Observando esse problema mundial, mas que também atinge o litoral paranaense, a chefe do Departamento de Segurança Alimentar Nutricional (Desan), da Secretaria de Agricultura e Abastecimento do Paraná, Márcia Stolarski, explica que o governo do estado busca alternativas para conter a perda exacerbada de alimentos. “Nós estamos desenvolvendo um projeto em parceria com o governo federal, IDR, Fundepar, secretarias municipais e organizações envolvidas com o abastecimento das cidades. Estamos realizando a aplicação de questionários com essas instituições e nas escolas do litoral do Paraná e de todo o estado, para levantar o que se perde, para que a gente venha desenvolver protocolos minimizando as perdas”, detalhou Márcia, que ainda afirma que esse é o primeiro programa criado para esse tipo de conscientização no estado e, por isso, ainda não possui dados concretos.

Em Morretes, cidade conhecida por seu turismo à beira do rio e também pelos diversos restaurantes que servem o tradicional barreado, a estratégia é servir bem o cliente, mas observando o seu consumo para evitar o desperdício. “O que nós fazemos aqui é separar aquilo que sobra e, então, destinamos a um rapaz que leva para alimentar os animais. Mas nós servimos porções proporcionais. Por exemplo, o barreado levamos o pirão da cozinha já pronto. E fazemos como se fosse um espeto corrido, os garçons colocam um pouco de comida na mesa e se a pessoa quiser mais nós trazemos mais. E ainda, quando eu faço o barreado, uso no restaurante, mas também faço as porções congeladas para vender”, exemplifica Fábio Luiz Smanioto, proprietário do Hotel e Restaurante Nhundiaquara.

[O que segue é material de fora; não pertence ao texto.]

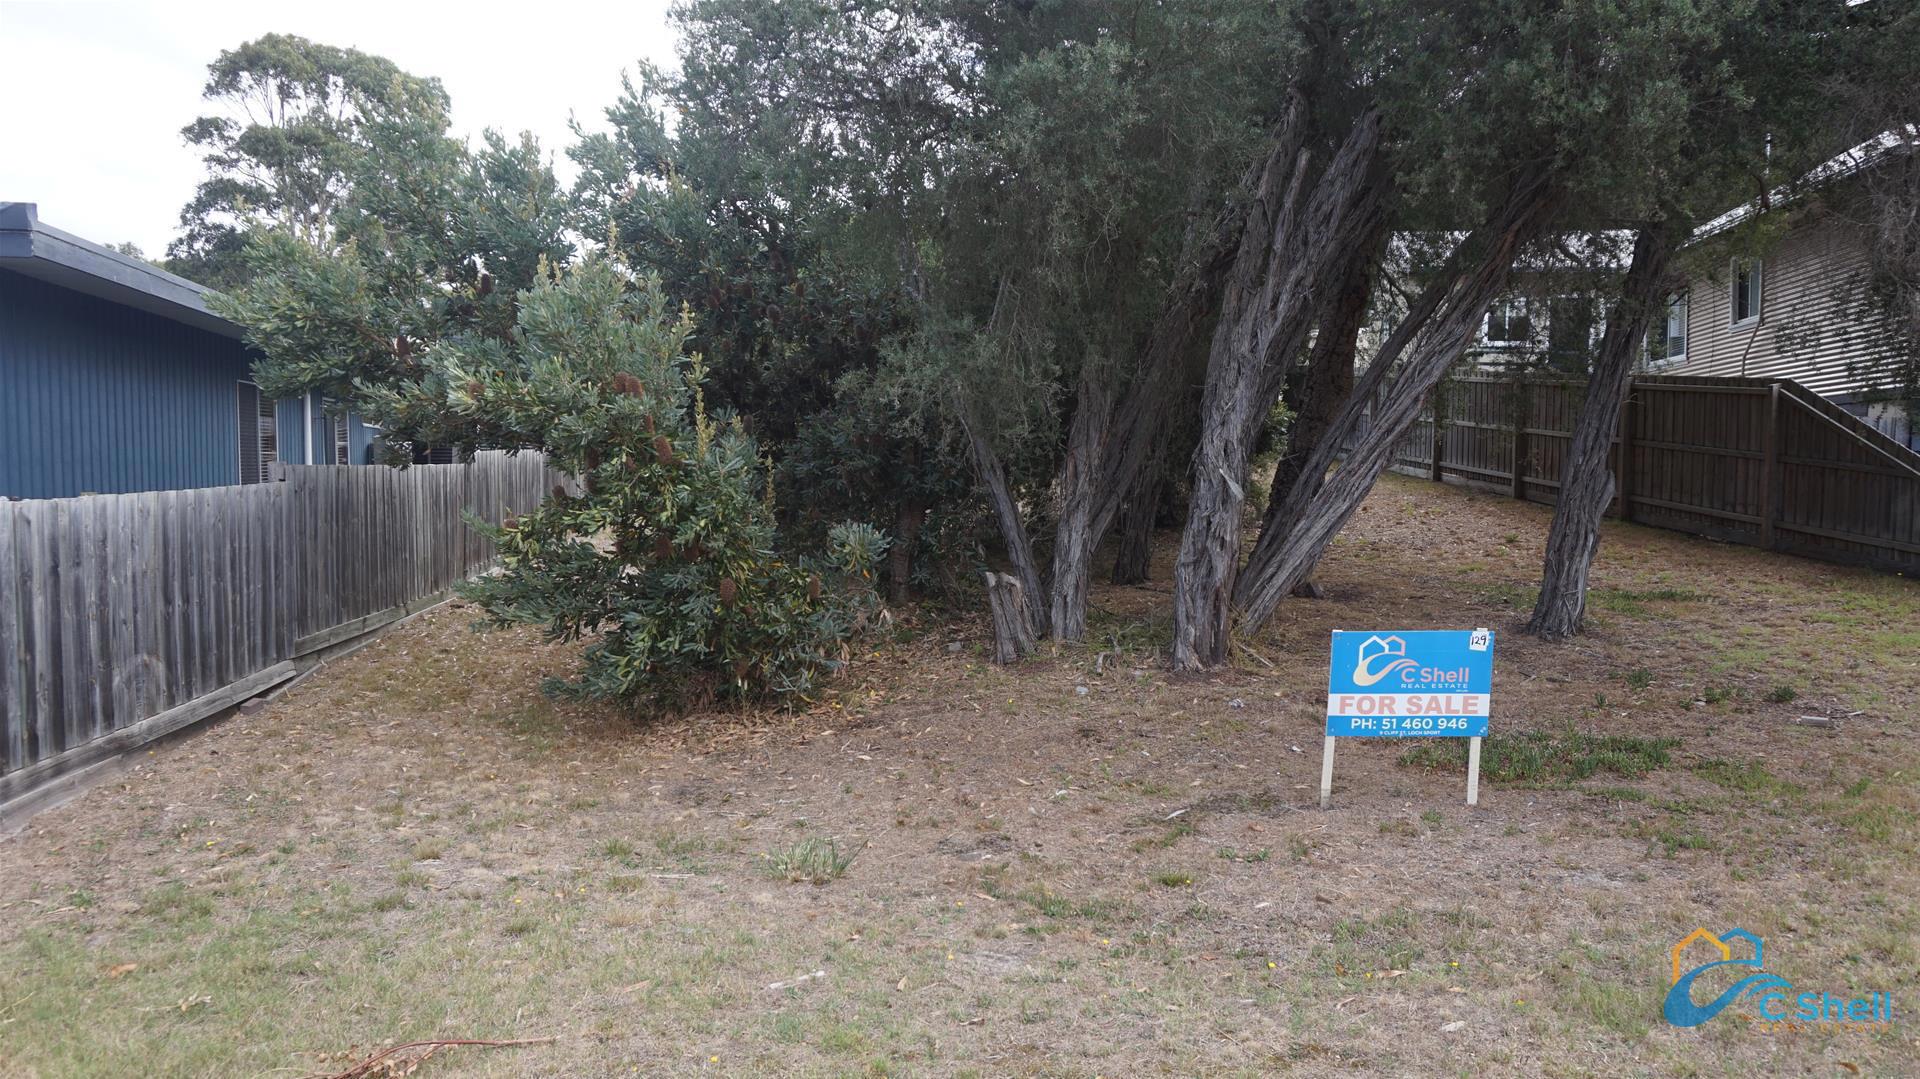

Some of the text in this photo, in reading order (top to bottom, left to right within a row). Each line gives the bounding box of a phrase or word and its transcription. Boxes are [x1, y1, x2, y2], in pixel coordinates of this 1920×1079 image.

[1471, 635, 1487, 646] 129
[1401, 667, 1470, 683] C Shell
[1338, 695, 1479, 715] FOR SALE
[1350, 718, 1468, 730] PH: 51 460 946

Lei nº 14.016/2020 (doação de alimentos)

Aprovada em 23 de junho de 2020 pelo presidente Jair Bolsonaro, a Lei que estabelece a liberação de doação de alimentos para evitar desperdícios, já está em vigor. Com o objetivo de reduzir as dificuldades de pessoas em situação de vulnerabilidade alimentar, o Congresso e o presidente aprovaram o novo texto, que exime os doadores de qualquer fato ocorrido após a doação. No texto, os legisladores afirmam que “a responsabilidade do doador encerra-se no momento da primeira entrega do alimento ao intermediário ou, no caso de doação direta, ao beneficiário final”, ou seja, caso ocorra intoxicação alimentar ou outras nuances, os doadores não poderão ser processados, fato que ocorria e inibia as doações.